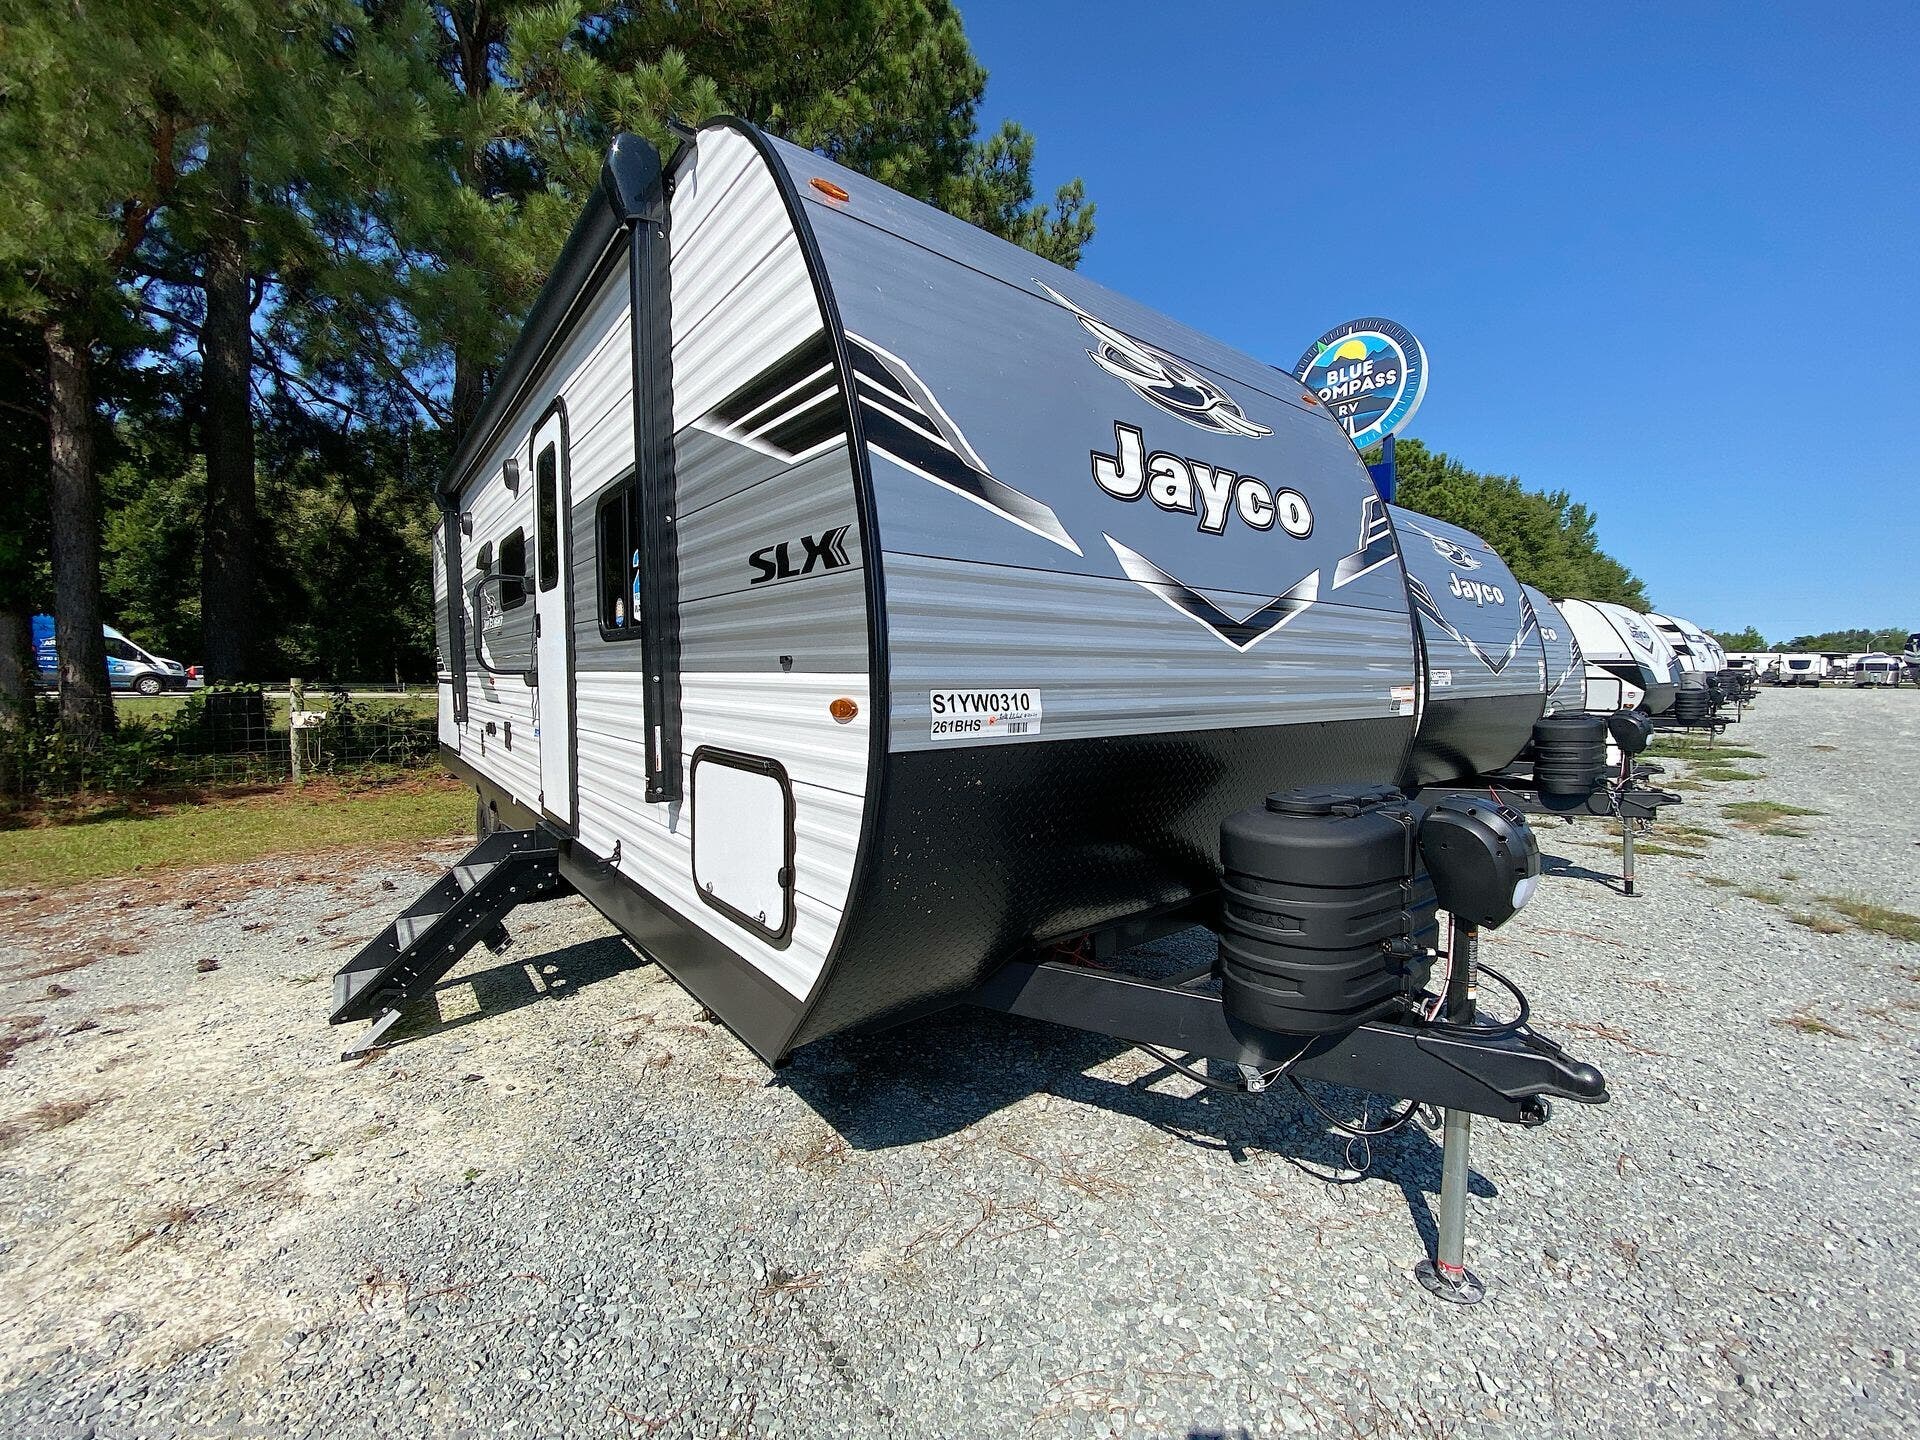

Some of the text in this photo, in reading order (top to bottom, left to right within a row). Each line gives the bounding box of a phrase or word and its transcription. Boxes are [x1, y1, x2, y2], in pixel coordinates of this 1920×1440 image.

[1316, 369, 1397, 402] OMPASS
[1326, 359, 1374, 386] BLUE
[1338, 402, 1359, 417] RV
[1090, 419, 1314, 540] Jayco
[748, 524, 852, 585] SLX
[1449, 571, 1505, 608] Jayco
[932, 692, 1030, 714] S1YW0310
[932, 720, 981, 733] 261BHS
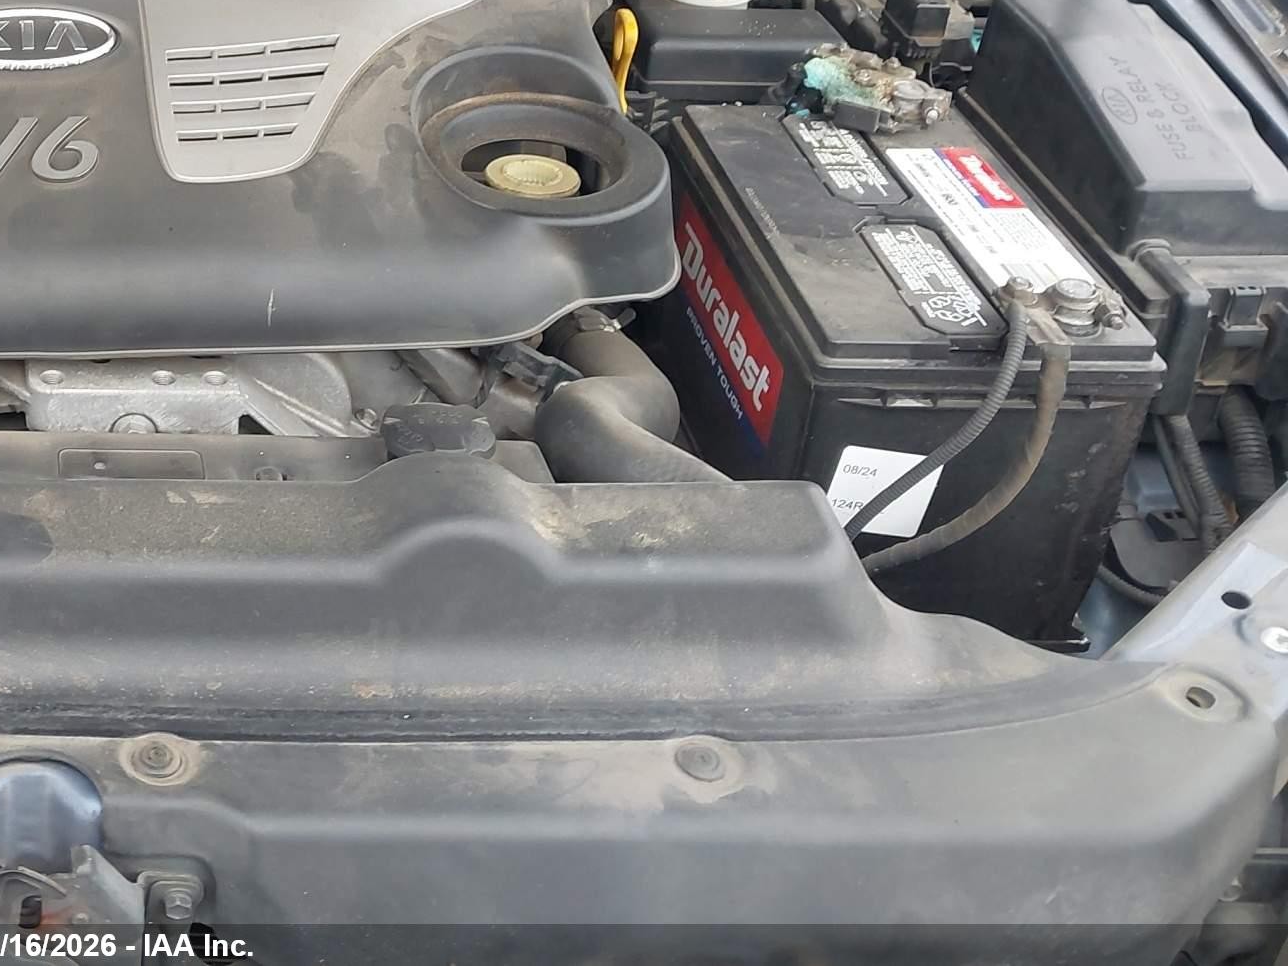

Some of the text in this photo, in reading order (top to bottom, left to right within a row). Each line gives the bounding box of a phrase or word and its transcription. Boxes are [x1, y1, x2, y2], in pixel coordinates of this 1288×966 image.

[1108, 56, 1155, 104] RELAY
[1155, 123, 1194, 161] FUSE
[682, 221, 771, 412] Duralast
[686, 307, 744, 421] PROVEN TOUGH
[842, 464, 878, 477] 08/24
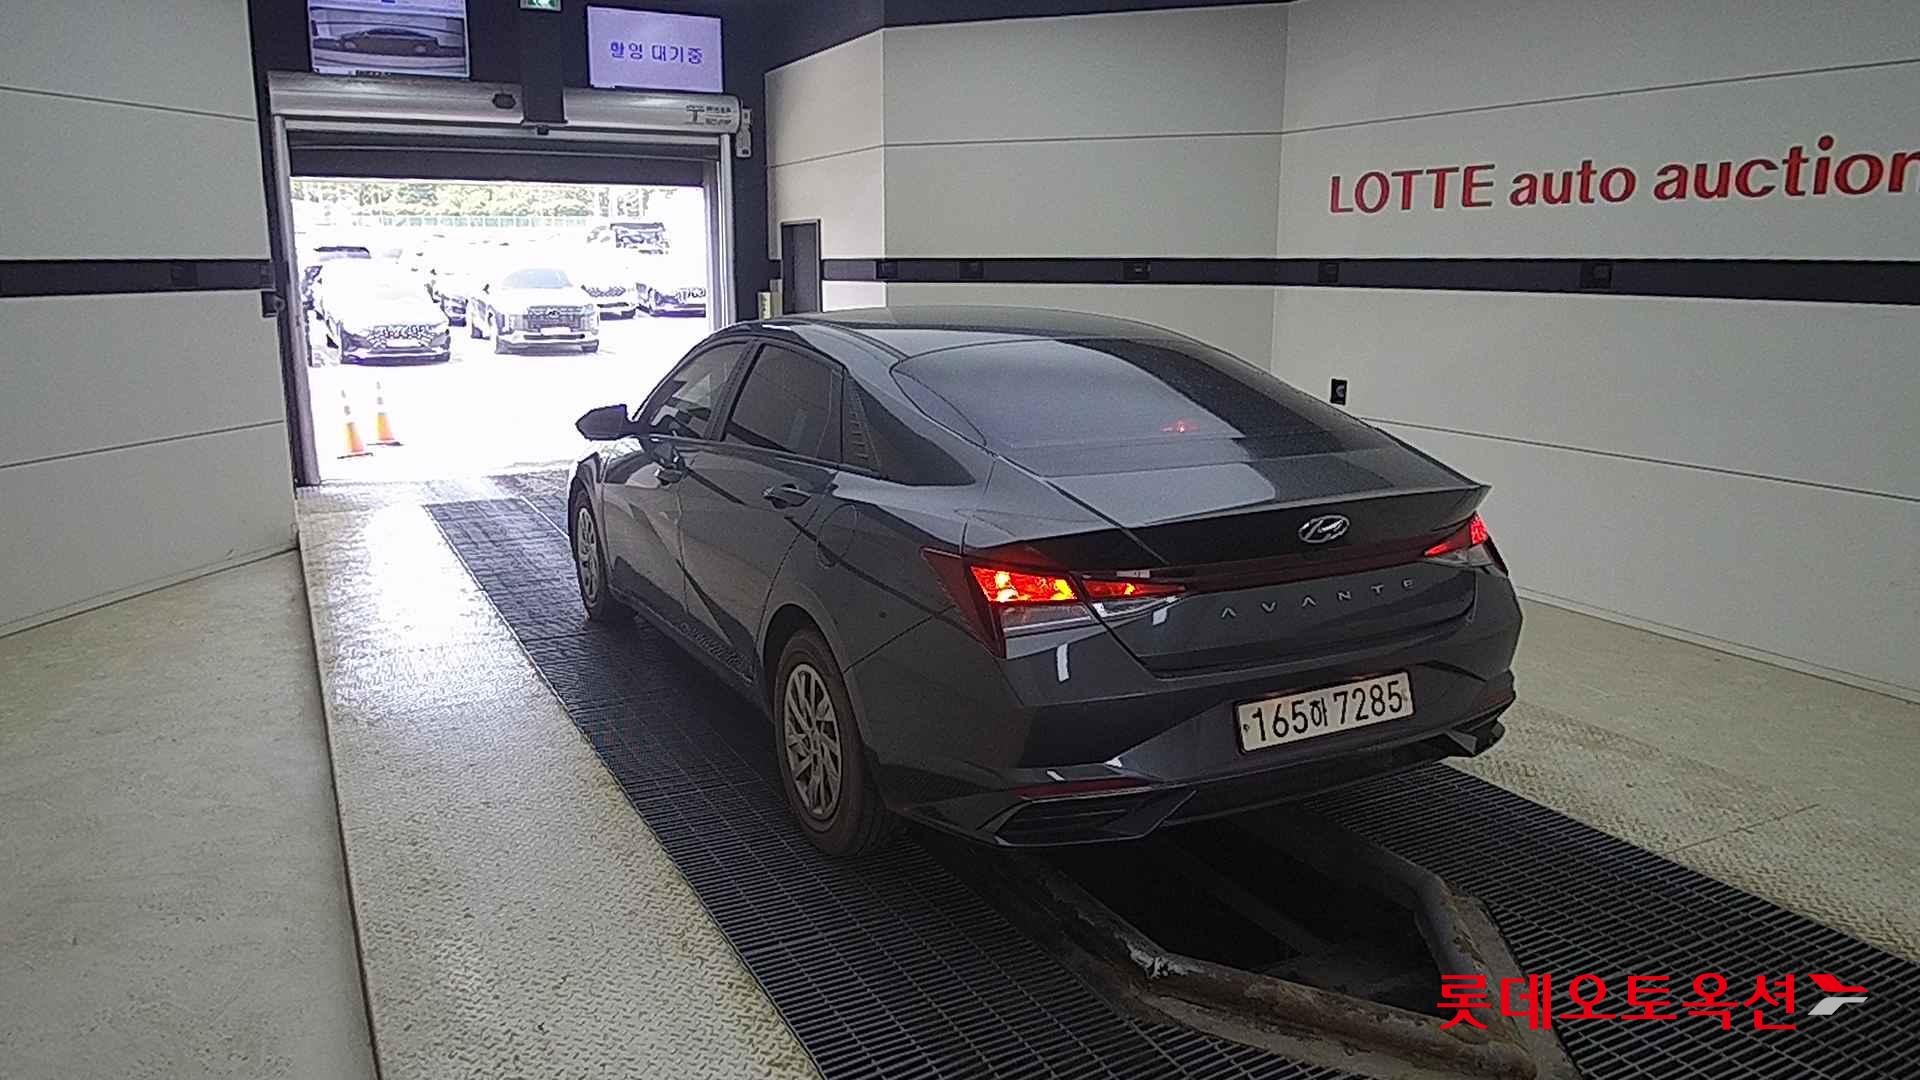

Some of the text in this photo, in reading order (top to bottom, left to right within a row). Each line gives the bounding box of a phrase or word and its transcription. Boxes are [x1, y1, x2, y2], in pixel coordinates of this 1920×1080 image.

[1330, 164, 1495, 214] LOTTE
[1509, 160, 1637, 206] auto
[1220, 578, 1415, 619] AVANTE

◆ **WHAT YOU HAVE TO DO**: Everything in the entries above, apart from the images, should be printed exactly.

◆ **RESPONSE AREA**:
Some of the text in this photo, in reading order (top to bottom, left to right within a row). Each line gives the bounding box of a phrase or word and its transcription. Boxes are [x1, y1, x2, y2], in pixel coordinates of this 1920×1440 image.

[1316, 369, 1397, 402] OMPASS
[1326, 359, 1374, 386] BLUE
[1338, 402, 1359, 417] RV
[1090, 419, 1314, 540] Jayco
[748, 524, 852, 585] SLX
[1449, 571, 1505, 608] Jayco
[932, 692, 1030, 714] S1YW0310
[932, 720, 981, 733] 261BHS

Some of the text in this photo, in reading order (top to bottom, left to right within a row). Each line gives the bounding box of a phrase or word and its transcription. Boxes are [x1, y1, x2, y2], in pixel coordinates of this 1288×966 image.

[1108, 56, 1155, 104] RELAY
[1155, 123, 1194, 161] FUSE
[682, 221, 771, 412] Duralast
[686, 307, 744, 421] PROVEN TOUGH
[842, 464, 878, 477] 08/24

Some of the text in this photo, in reading order (top to bottom, left to right within a row). Each line gives the bounding box of a phrase or word and its transcription. Boxes are [x1, y1, x2, y2], in pixel coordinates of this 1920×1080 image.

[1330, 164, 1495, 214] LOTTE
[1509, 160, 1637, 206] auto
[1220, 578, 1415, 619] AVANTE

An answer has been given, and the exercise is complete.